MATERIAL PROVIDED: Begin

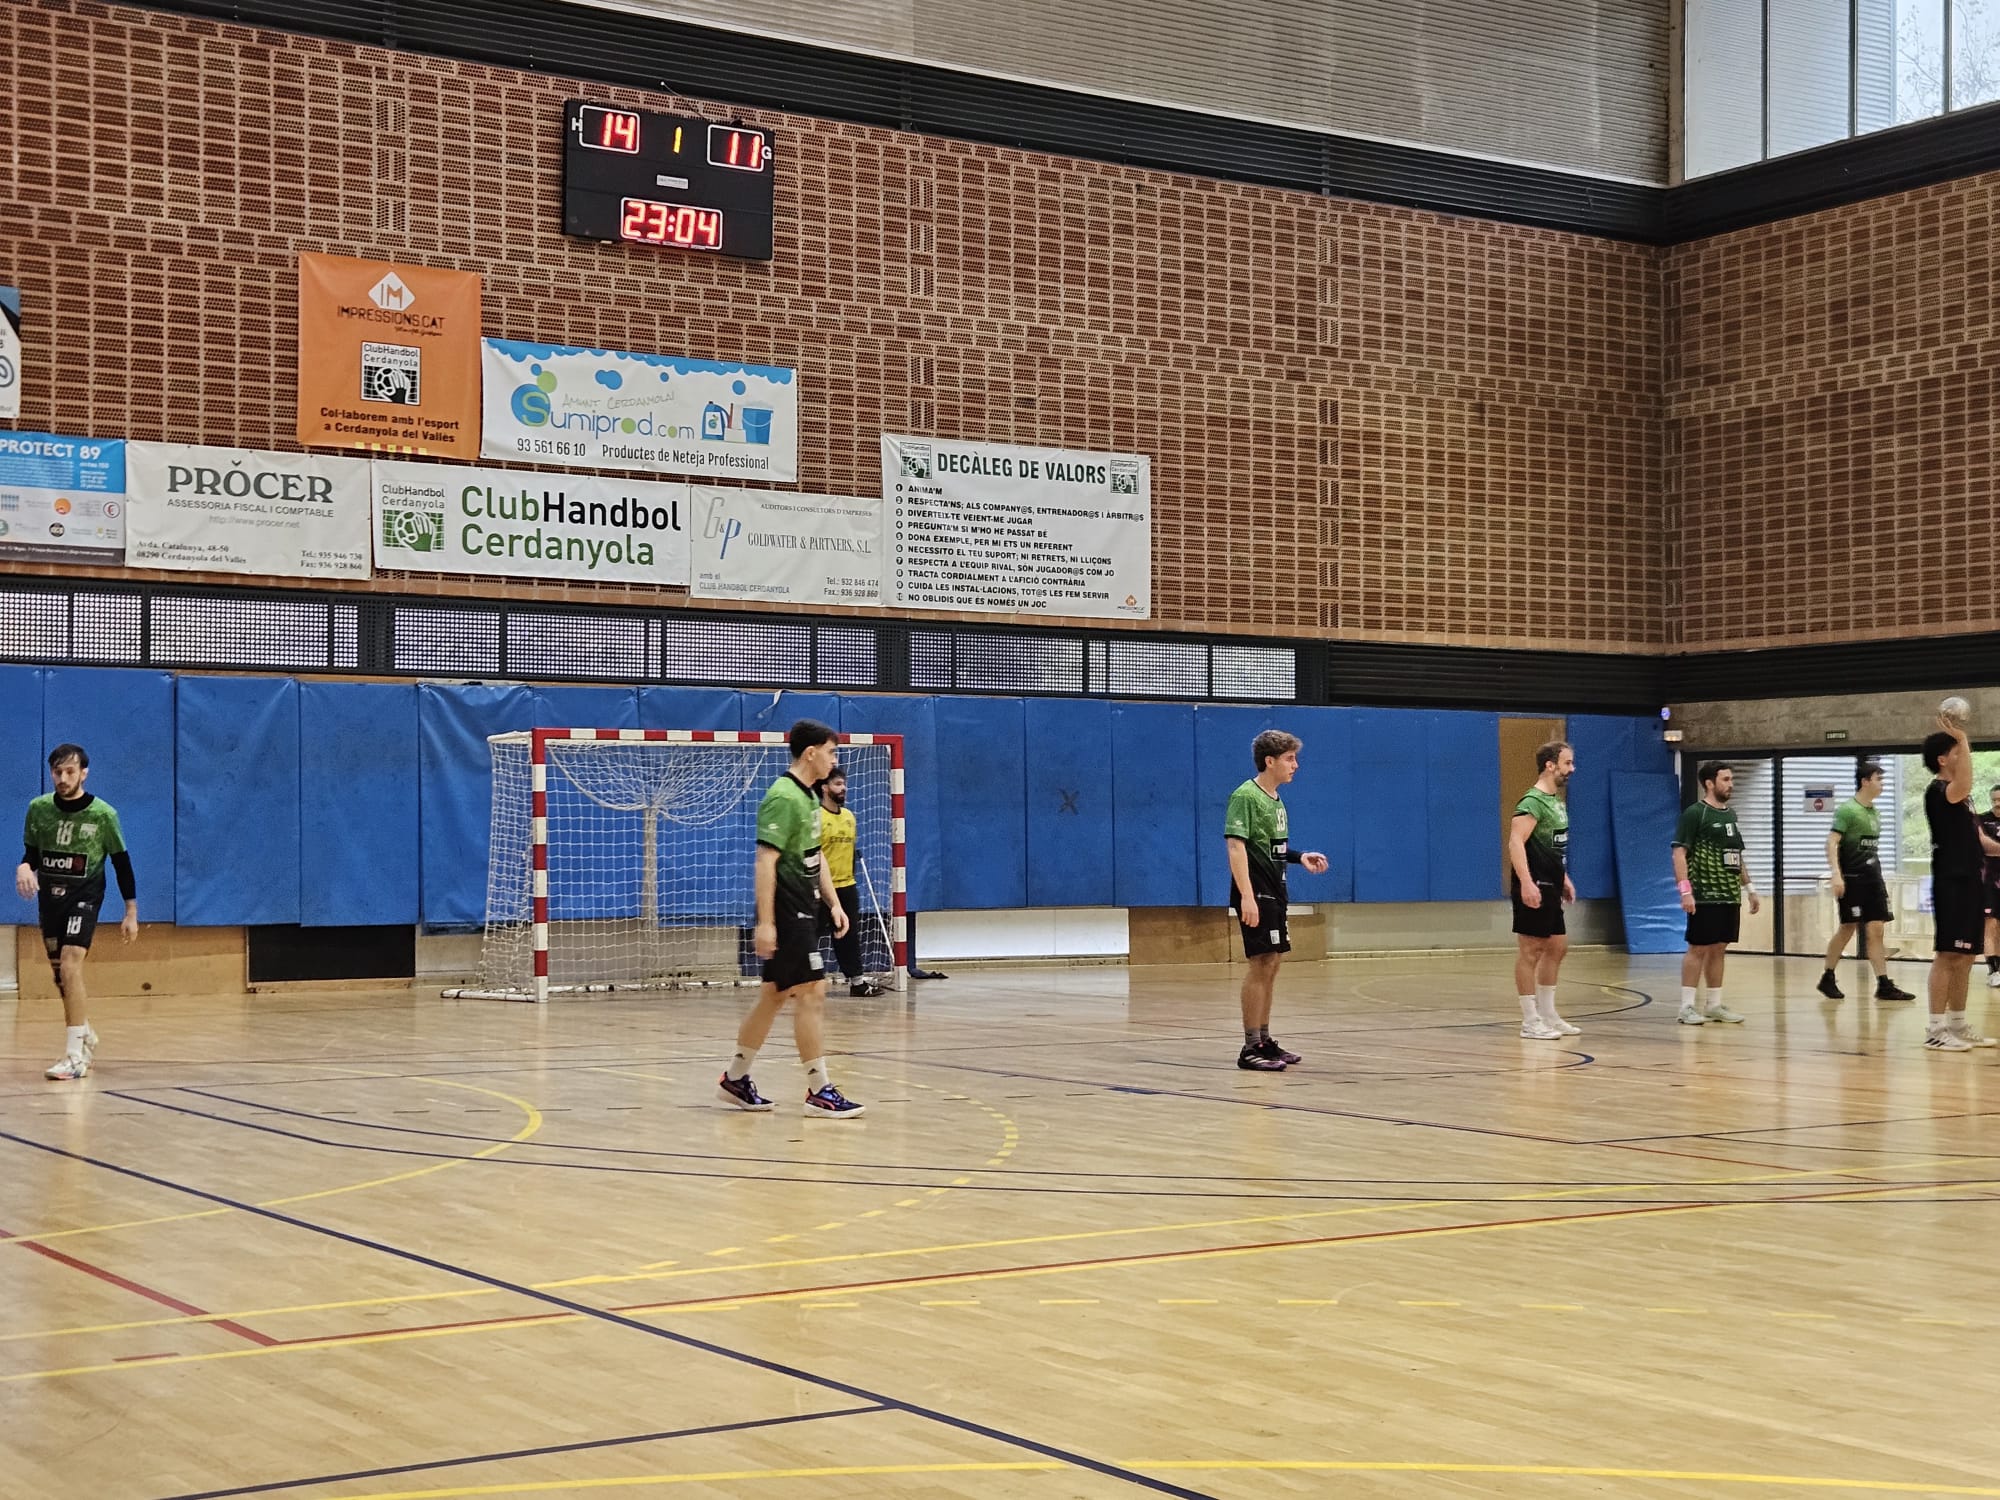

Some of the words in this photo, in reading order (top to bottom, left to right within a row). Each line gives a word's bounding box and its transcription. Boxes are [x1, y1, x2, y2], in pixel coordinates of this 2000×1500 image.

[572, 117, 582, 131] H
[602, 112, 636, 150] 14
[673, 126, 682, 154] 1
[729, 132, 760, 168] 11
[761, 146, 772, 160] G
[624, 202, 718, 245] 23:04
[364, 344, 418, 358] ClubHandbol
[364, 354, 418, 368] Cerdanyola
[335, 422, 398, 437] Cerdanyola
[402, 429, 418, 439] del
[392, 415, 414, 425] amb
[418, 417, 459, 430] l'esport
[0, 439, 74, 458] PROTECT
[80, 445, 101, 460] 89
[517, 438, 531, 452] 93
[534, 440, 552, 454] 561
[556, 442, 570, 455] 66
[574, 443, 586, 456] 10
[602, 444, 655, 461] Productes
[658, 448, 670, 462] de
[673, 450, 705, 465] Neteja
[708, 452, 769, 470] Professional
[938, 451, 1012, 477] DECÀLEG
[1019, 460, 1039, 479] DE
[1045, 462, 1106, 484] VALORS
[382, 484, 445, 497] ClubHandbol
[908, 485, 943, 495] ANIMA'M
[167, 499, 231, 510] ASSESSORIA
[234, 503, 267, 513] FISCAL
[276, 506, 334, 517] COMPTABLE
[382, 496, 445, 510] Cerdanyola
[462, 485, 681, 531] ClubHandbol
[797, 506, 836, 514] CONSULTORS
[983, 503, 1035, 514] COMPANY@S,
[1036, 507, 1099, 519] ENTRENADOR@S
[963, 514, 1005, 523] VEIENT-ME
[1007, 516, 1032, 525] JUGAR
[908, 522, 959, 532] PREGUNTA'M
[971, 526, 992, 535] M'HO
[1007, 528, 1035, 537] PASSAT
[462, 523, 654, 569] Cerdanyola
[748, 532, 797, 549] GOLDWATER
[800, 536, 806, 549] &
[908, 533, 931, 542] DONA
[934, 535, 972, 546] EXEMPLE,
[1034, 542, 1073, 551] REFERENT
[162, 552, 208, 562] Cerdanyola
[908, 546, 954, 556] NECESSITO
[968, 550, 983, 558] TEU
[985, 551, 1018, 560] SUPORT;
[1032, 554, 1068, 564] RETRETS,
[1080, 556, 1111, 566] LLIÇONS
[908, 558, 948, 567] RESPECTA
[960, 561, 989, 569] L'EQUIP
[992, 563, 1015, 572] RIVAL,
[1036, 567, 1084, 576] JUGADOR@S
[868, 579, 879, 587] 474
[908, 570, 938, 578] TRACTA
[941, 571, 999, 582] CORDIALMENT
[750, 585, 790, 593] CERDANYOLA
[908, 582, 933, 590] CUIDA
[1022, 588, 1047, 597] TOT@S
[1082, 591, 1109, 600] SERVIR
[922, 595, 954, 603] OBLIDIS
[956, 596, 972, 605] QUE
[987, 597, 1015, 606] NOMÉS
[56, 820, 73, 845] 18
[67, 915, 82, 935] 18

MATERIAL PROVIDED: End

(BRIEF):
Output every entry exactly. Pictures stay out.

(ANSWER TO THE EXERCISE):
Some of the words in this photo, in reading order (top to bottom, left to right within a row). Each line gives a word's bounding box and its transcription. Boxes are [x1, y1, x2, y2], in pixel coordinates of this 2000×1500 image.

[572, 117, 582, 131] H
[602, 112, 636, 150] 14
[673, 126, 682, 154] 1
[729, 132, 760, 168] 11
[761, 146, 772, 160] G
[624, 202, 718, 245] 23:04
[364, 344, 418, 358] ClubHandbol
[364, 354, 418, 368] Cerdanyola
[335, 422, 398, 437] Cerdanyola
[402, 429, 418, 439] del
[392, 415, 414, 425] amb
[418, 417, 459, 430] l'esport
[0, 439, 74, 458] PROTECT
[80, 445, 101, 460] 89
[517, 438, 531, 452] 93
[534, 440, 552, 454] 561
[556, 442, 570, 455] 66
[574, 443, 586, 456] 10
[602, 444, 655, 461] Productes
[658, 448, 670, 462] de
[673, 450, 705, 465] Neteja
[708, 452, 769, 470] Professional
[938, 451, 1012, 477] DECÀLEG
[1019, 460, 1039, 479] DE
[1045, 462, 1106, 484] VALORS
[382, 484, 445, 497] ClubHandbol
[908, 485, 943, 495] ANIMA'M
[167, 499, 231, 510] ASSESSORIA
[234, 503, 267, 513] FISCAL
[276, 506, 334, 517] COMPTABLE
[382, 496, 445, 510] Cerdanyola
[462, 485, 681, 531] ClubHandbol
[797, 506, 836, 514] CONSULTORS
[983, 503, 1035, 514] COMPANY@S,
[1036, 507, 1099, 519] ENTRENADOR@S
[963, 514, 1005, 523] VEIENT-ME
[1007, 516, 1032, 525] JUGAR
[908, 522, 959, 532] PREGUNTA'M
[971, 526, 992, 535] M'HO
[1007, 528, 1035, 537] PASSAT
[462, 523, 654, 569] Cerdanyola
[748, 532, 797, 549] GOLDWATER
[800, 536, 806, 549] &
[908, 533, 931, 542] DONA
[934, 535, 972, 546] EXEMPLE,
[1034, 542, 1073, 551] REFERENT
[162, 552, 208, 562] Cerdanyola
[908, 546, 954, 556] NECESSITO
[968, 550, 983, 558] TEU
[985, 551, 1018, 560] SUPORT;
[1032, 554, 1068, 564] RETRETS,
[1080, 556, 1111, 566] LLIÇONS
[908, 558, 948, 567] RESPECTA
[960, 561, 989, 569] L'EQUIP
[992, 563, 1015, 572] RIVAL,
[1036, 567, 1084, 576] JUGADOR@S
[868, 579, 879, 587] 474
[908, 570, 938, 578] TRACTA
[941, 571, 999, 582] CORDIALMENT
[750, 585, 790, 593] CERDANYOLA
[908, 582, 933, 590] CUIDA
[1022, 588, 1047, 597] TOT@S
[1082, 591, 1109, 600] SERVIR
[922, 595, 954, 603] OBLIDIS
[956, 596, 972, 605] QUE
[987, 597, 1015, 606] NOMÉS
[56, 820, 73, 845] 18
[67, 915, 82, 935] 18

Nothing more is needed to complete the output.